Overall, taking statins was significantly associated with lower risk of death from a cardiovascular event or death from any cause. And the benefits remained for veterans at advanced age, including those who were 90 years or older. Lower death rates extended to those with other conditions such as dementia — individuals who have been excluded from previous studies. In secondary analyses, the team found that starting a statin was also significantly associated with a lower risk of cardiovascular events such as heart attacks and strokes. Orkaby notes that it was particularly intriguing to see a marked decline in rate of strokes among the study’s Black participants.

“There are many interesting leads to follow up on,” said Orkaby, “but it’s important to keep in mind that this is not a randomized, clinical trial.
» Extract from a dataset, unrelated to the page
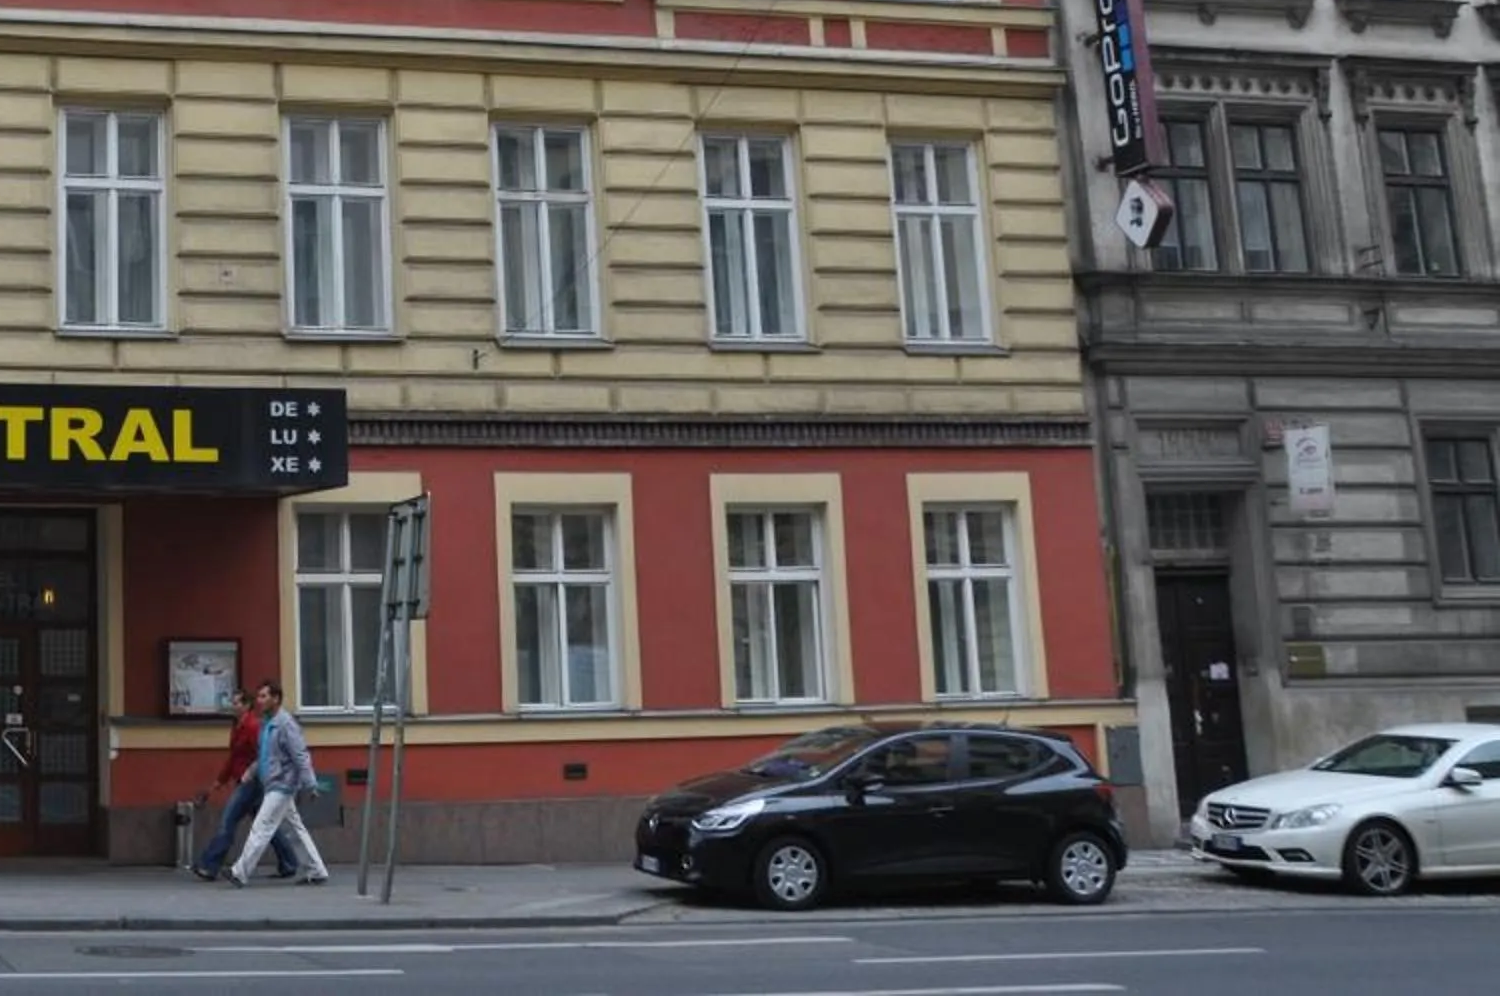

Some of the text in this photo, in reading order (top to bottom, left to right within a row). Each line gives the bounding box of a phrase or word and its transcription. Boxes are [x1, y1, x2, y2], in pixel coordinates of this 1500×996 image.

[270, 401, 298, 418] DE
[270, 429, 298, 445] LU
[270, 456, 299, 473] XE
Instead, it’s a retrospective analysis using real world data that helps us explore where the truth lies.”

The study focused only on veterans, a predominantly white and male population, which may limit its generalizability, but the study’s size made it possible to glean statistically meaningful information on underrepresented groups. During the study’s timeframe, the most commonly prescribed statin was simvastatin, but currently, higher-dose and higher-intensity statins have become more frequently prescribed. While statins are generally well tolerated, many people report aches and pains as a side effect, which may lead some to stop taking the drug. The current study did not evaluate whether patients discontinued statin use.

Two randomized, clinical trials of statins among older adults are now underway with results from one of the studies expected later this year. Orkaby and colleagues plan to follow up on their study by exploring the effects of statin dosing and examining outcomes for sub-populations included in their analysis.

This research was supported by the VA (CSR&D CDA-2 award IK2-CX001800), National Institute on Aging (R03-AG060169), and VA Merit Award I01 CX001025. Support for VA/Centers for Medicare & Medicaid Services data is provided by the Department of Veterans Affairs, VA Health Services Research and Development Service, VA Information Resource Center (project numbers SDR 02-237 and 98-004). Coauthor Luc Djousse, reported receiving grants from Merck.